By now you will have read of the secret plans to take down Williamson County Schools Director, Dr. Looney. The talk of the ugly stuff that is best kept out of the press.

This article seeks to examine one of the main protagonists, Kent R. Davis. It is intended to simply start the research for others to follow, and is by no means exhaustive or complete.

Kent R. Davis, Retired Engineer

Unlike most of his 23 colleagues of the Deaver Davis 24 group, little information is shared publicly by Davis. He apparently keeps a low profile, goes by the pseudonym or alias tennkengolf, and unlike the others mentioned in yesterday’s article does not have pictures pasted all over the Internet.

Davis, 75, records his principal abode in Franklin, Tennessee. The address is a quiet street in a “neotraditional” subdivision inside the boundaries of historic Franklin. Perhaps reminiscing of the past more than today, the Homeowners’ Association describe the setting as “located in a peaceful valley surrounded by gently rolling hills and centered by a large spring-fed lake form the pastoral setting . . . this location is close to everyday needs yet far removed from usual suburban living . . . with custom estate homes, cottage homes and manor style townhomes featuring meticulous landscaping, pool, sidewalks, tree-lined streets.” Sounds like a scene right out of the Truman Show or the 1950s Sears catalogs.

In any case, Davis appears to live a modest lifestyle that one might not normally associate with one of the largest political donors in Tennessee, and no doubt is a generous philanthropist to charitable causes, even if he has no known connections to Williamson County Schools other than the secret agenda. This author is only interested in Davis’ political intentions.
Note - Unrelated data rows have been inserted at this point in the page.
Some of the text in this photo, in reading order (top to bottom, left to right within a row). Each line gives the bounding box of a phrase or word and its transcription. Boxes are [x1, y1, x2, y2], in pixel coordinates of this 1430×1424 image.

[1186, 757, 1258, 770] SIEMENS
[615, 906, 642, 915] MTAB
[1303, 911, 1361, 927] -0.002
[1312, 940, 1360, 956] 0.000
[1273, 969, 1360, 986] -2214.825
High Volume Campaign Financier

While yesterday’s sources included a broad set of contributions by Davis and others of his name, further investigation with the Federal Election Commission has revealed over 19 pages of contributions by Kent R. Davis of the exact address in Franklin. Those with a calculator can work out how close the 40-50 items listed in 2012 get to the Federal Contribution Limit, which of course don’t include his donations to State and local causes.

Google search finds many public sources of campaign financing by Mr. Davis

Beyond these Federal contributions, Davis also makes many State and local contributions. For example, he is the sixth largest single donor to Rep. Glen Casada, ahead of the Tennessee Society of Anesthesiologists, the Tennessee Bankers Association, Tennessee First, HCA, LifePoint, Pfizer, Comcast, and Tennesee Electric. As recently as October, he has filings with the Virginia State Board of Elections, so his influence and relationships likely reach well beyond Tennessee.
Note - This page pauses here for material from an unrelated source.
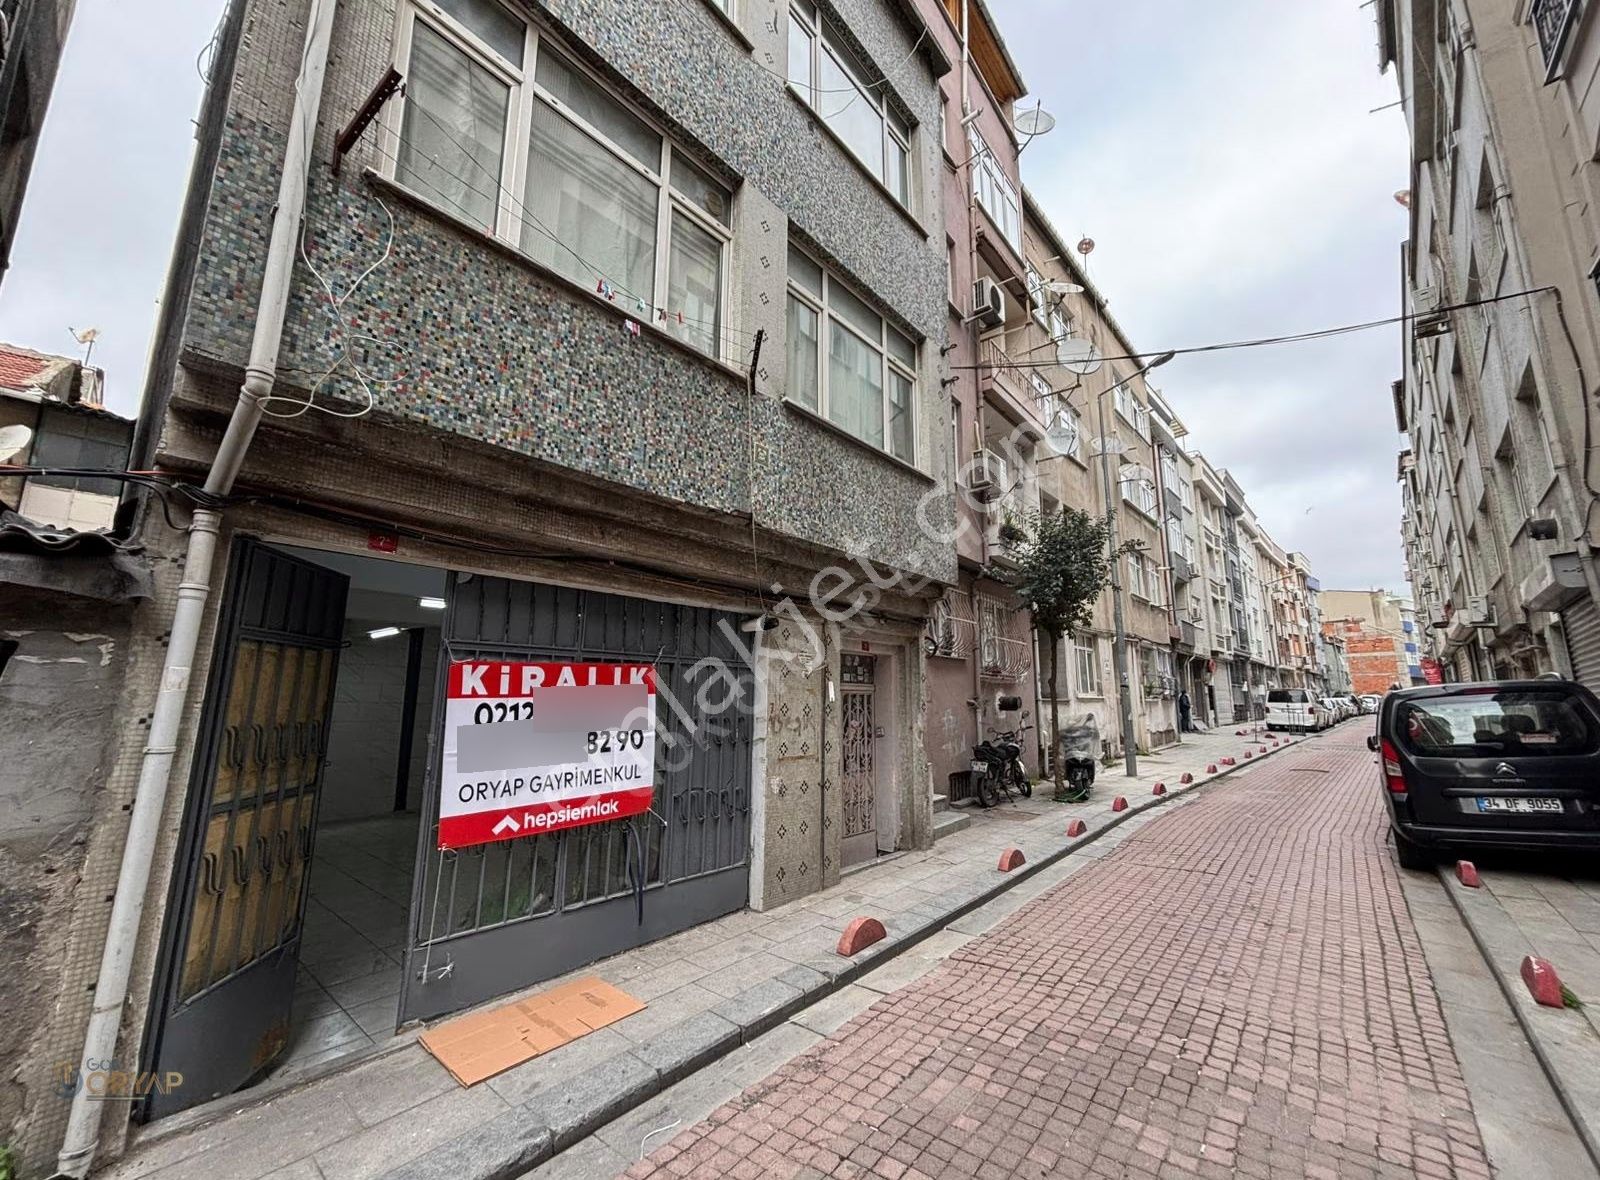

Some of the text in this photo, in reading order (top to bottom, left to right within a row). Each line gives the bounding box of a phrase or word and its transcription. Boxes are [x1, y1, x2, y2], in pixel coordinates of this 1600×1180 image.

[474, 702, 533, 725] 0212
[458, 764, 641, 803] ORYAP GAYRİMENKUL
[524, 799, 619, 829] hepsiemlak
For motives, as any corporate executive with Davis’ background might tell you, past behaviors are often the best predictors of future. While some of his recent letters in the media may seem arrogant (e.g., he writes “over half of Americans cannot name either of their state’s senators”), it appears that Davis is not someone to take lightly.

Rather, one can see that Davis built a successful career with technology, manufacturing and management positions, previously working for the Dow Chemical Company and then a top conservative think tank in Michigan.
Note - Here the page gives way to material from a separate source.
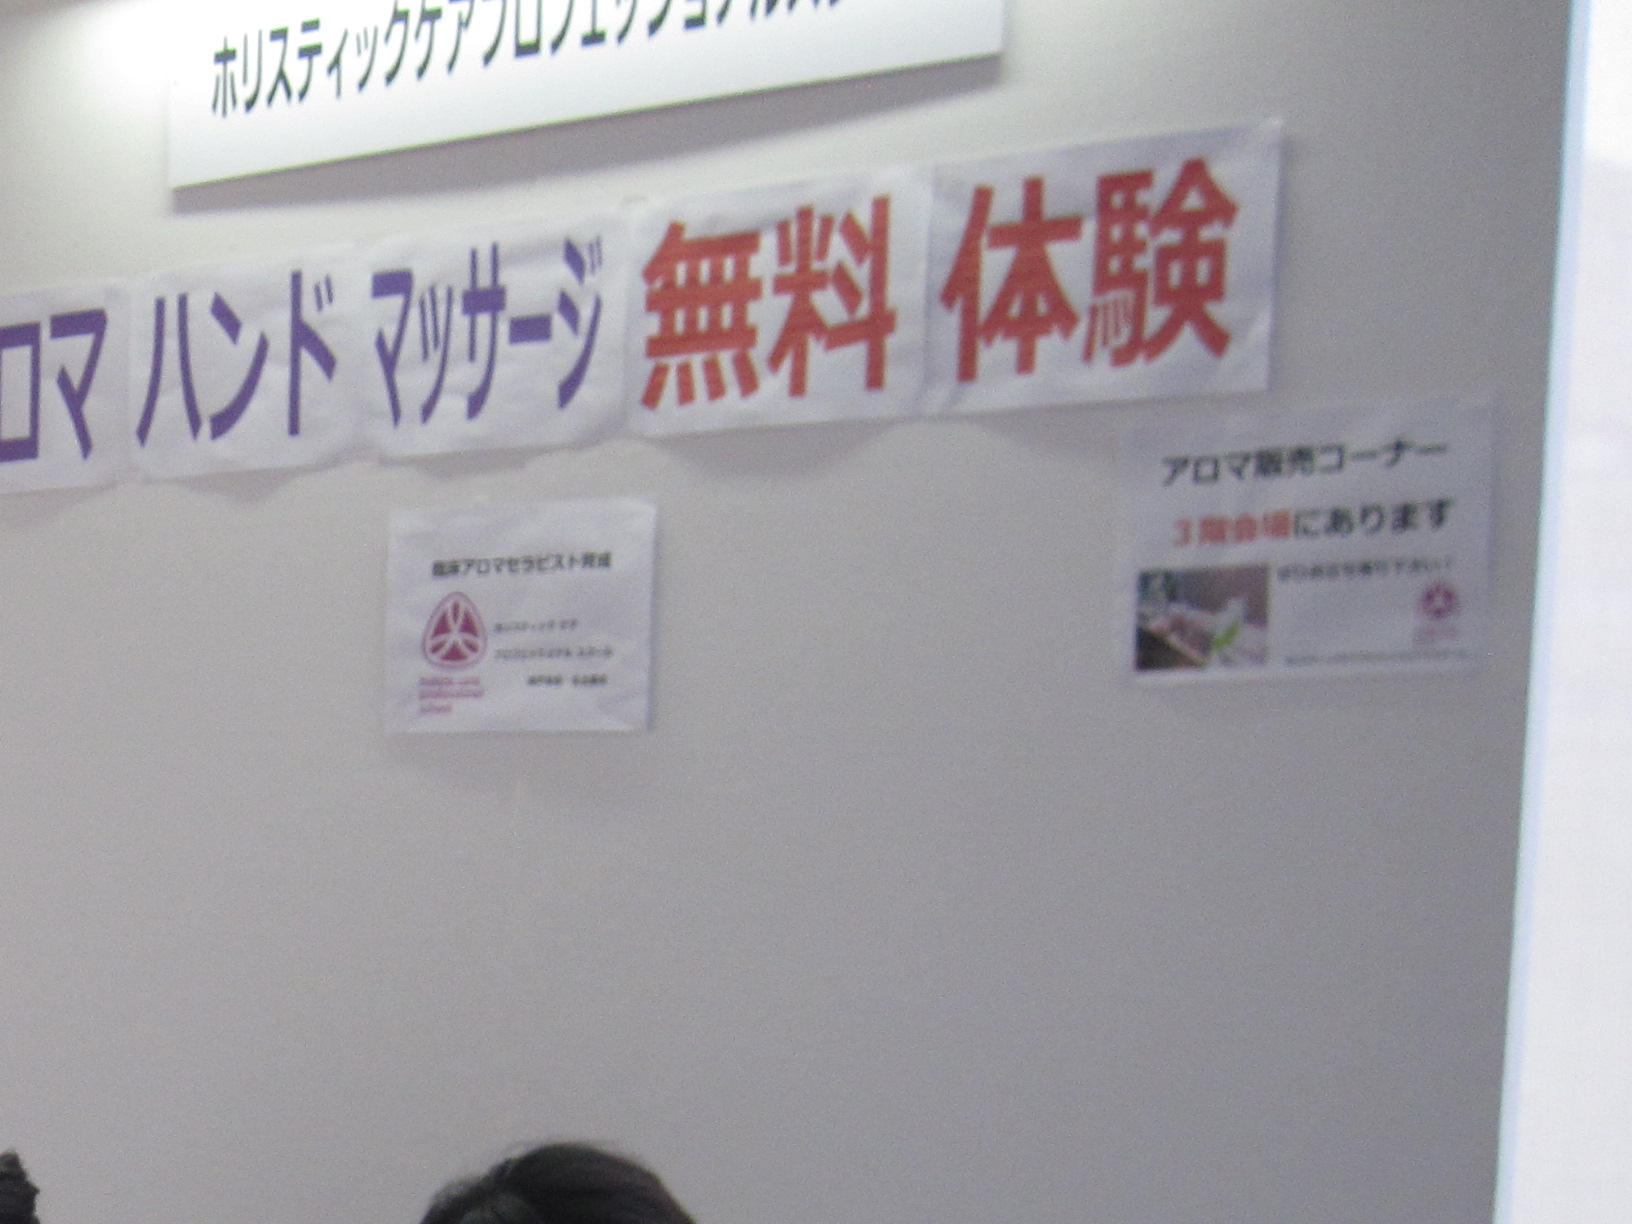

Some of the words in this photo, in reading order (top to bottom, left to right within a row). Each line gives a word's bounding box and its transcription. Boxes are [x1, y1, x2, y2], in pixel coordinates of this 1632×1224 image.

[134, 271, 338, 449] ハンド
[370, 240, 603, 428] マッサージ
[640, 195, 898, 410] 無料
[939, 157, 1239, 384] 体験
Davis has written and advised on global warming and environmental issues, published a study on Social Security privatization, and appeared in public forums on Urban Sprawl issues. Davis’ public writings, when analyzed using modern language analytic tools, are somewhat formal and consistent with politicians in the period 1860 — 1920. For fairness, we also evaluated this article and illustrated in the chart below.

His writings indicate he is articulate and very intentional in his positions. In fact, every article over the years is so precise and meticulously reasoned, that it is hard to imagine that when Mr. Davis wrote this week “the time for any ugly stuff should be done privately”, there is any doubt this is exactly what he meant — Do it. Just in private.

The Michigan Years

In Michigan from 1997 to 2005, Davis was known as one of the two key people in a free-market based, state “think tank” that provided public policy analysis. The Mackinac Center for Public Policy, was well funded by ExxonMobil for focusing on Environmental Issues, albeit registered as a 501(c)3 non-profit. At the time, Davis described that he was very interested in the wetlands policy in Michigan.

While Davis’ public focus seems to be recorded as debunking global warming and privatization of public pensions, the Mackinac Center was perhaps best known in Michigan for its advocacy for public school privatization.

In 1988, the Mackinac Center was Michigan’s first institution to recommend charter public schools and in 1993 the Michigan Legislature subsequently enacted one of the first charter school laws in the entire nation.

The think tank was highly influential. Governor John Engler once wrote on State fiscal reform “… when the Mackinac Center speaks, we listen.”

The Wall Street Journal calls the Mackinac Center the nation’s “leading advocate for a universal education tax credit.”

Mackinac Center has a large media profile on school privatization

In fact, comparable to national powers such as the Cato Institute, the Heritage Foundation in Washington D.C., and the Progressive Policy Institute, Davis’ think tank was one of the most prominent of the top thirty five identified as “a new breed of think tank” in the United States examining issues not only at the state, but for the first time at the county and local level.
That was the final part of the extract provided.